__What to do__. When you reproduce the data, keep every word exactly as it stands and leave the pictures out.

╭──

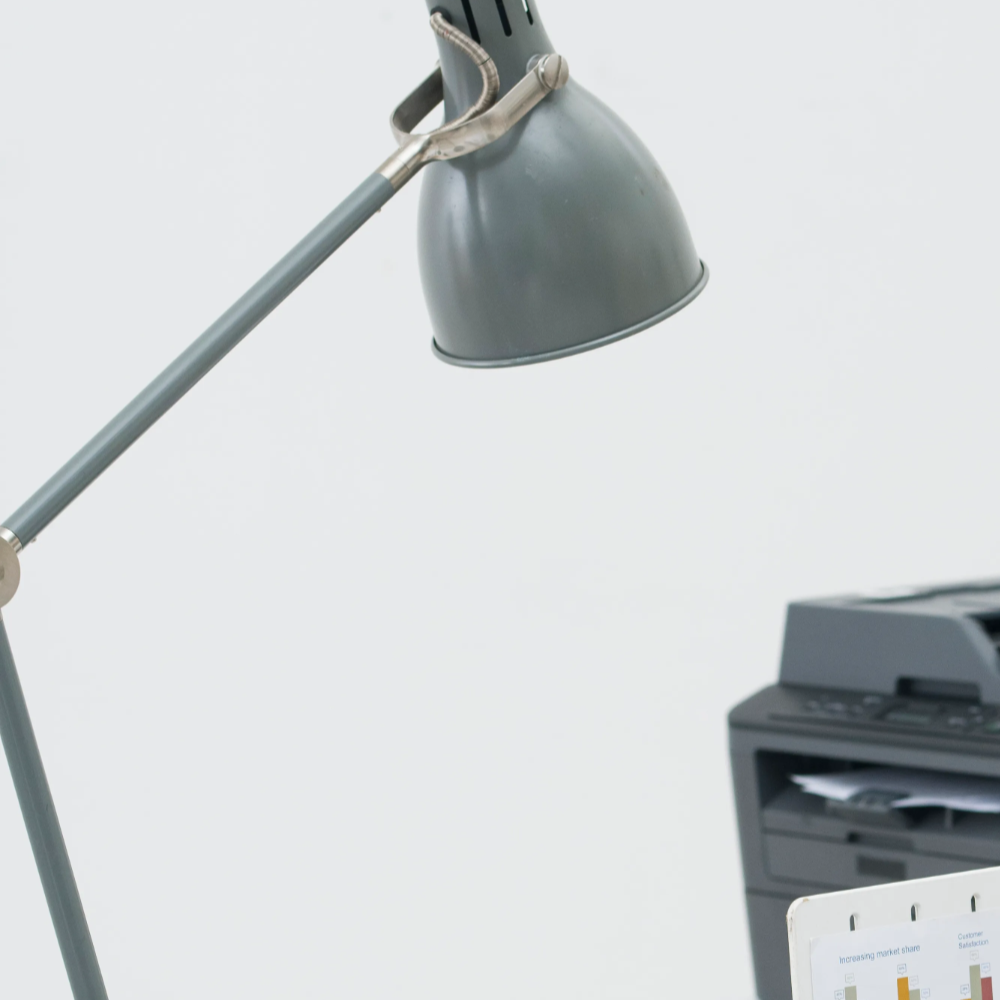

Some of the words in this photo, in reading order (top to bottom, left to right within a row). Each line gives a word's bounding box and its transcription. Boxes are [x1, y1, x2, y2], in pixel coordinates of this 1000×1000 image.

[958, 931, 984, 940] Customer
[958, 938, 989, 950] Satisfaction
[839, 952, 875, 964] Increasing
[876, 948, 900, 958] market
[902, 944, 920, 954] share
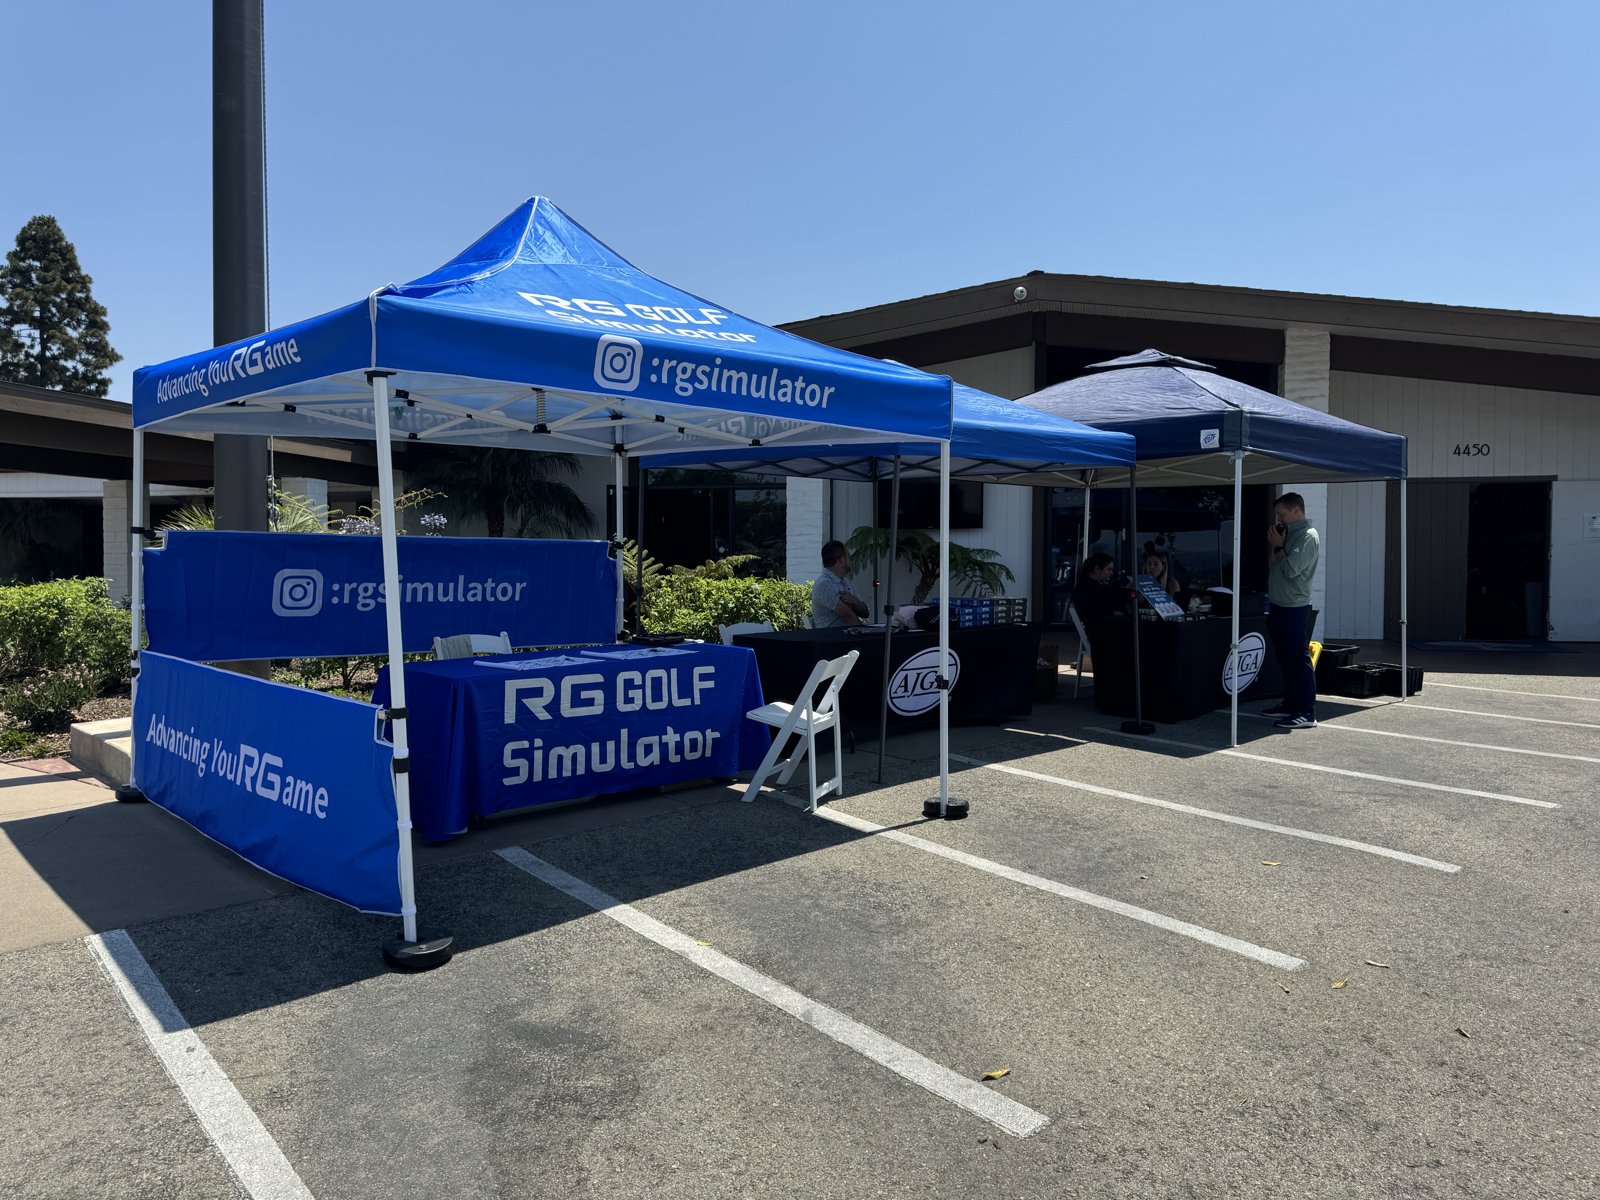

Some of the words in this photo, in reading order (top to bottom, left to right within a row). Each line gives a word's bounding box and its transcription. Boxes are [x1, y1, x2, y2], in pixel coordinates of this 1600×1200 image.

[516, 291, 628, 317] RG
[624, 303, 729, 325] GOLF
[545, 310, 757, 343] Simulator
[157, 365, 209, 404] Advancing
[1452, 443, 1491, 457] 4450
[504, 673, 605, 724] RG
[616, 665, 716, 713] GOLF
[893, 670, 945, 698] AJG
[146, 713, 211, 777] Advancing
[502, 725, 721, 786] Simulator

╰──

__Solution below__.
Some of the words in this photo, in reading order (top to bottom, left to right within a row). Each line gives a word's bounding box and its transcription. Boxes are [x1, y1, x2, y2], in pixel coordinates of this 1000×1000 image.

[958, 931, 984, 940] Customer
[958, 938, 989, 950] Satisfaction
[839, 952, 875, 964] Increasing
[876, 948, 900, 958] market
[902, 944, 920, 954] share

Some of the words in this photo, in reading order (top to bottom, left to right within a row). Each line gives a word's bounding box and its transcription. Boxes are [x1, y1, x2, y2], in pixel coordinates of this 1600×1200 image.

[516, 291, 628, 317] RG
[624, 303, 729, 325] GOLF
[545, 310, 757, 343] Simulator
[157, 365, 209, 404] Advancing
[1452, 443, 1491, 457] 4450
[504, 673, 605, 724] RG
[616, 665, 716, 713] GOLF
[893, 670, 945, 698] AJG
[146, 713, 211, 777] Advancing
[502, 725, 721, 786] Simulator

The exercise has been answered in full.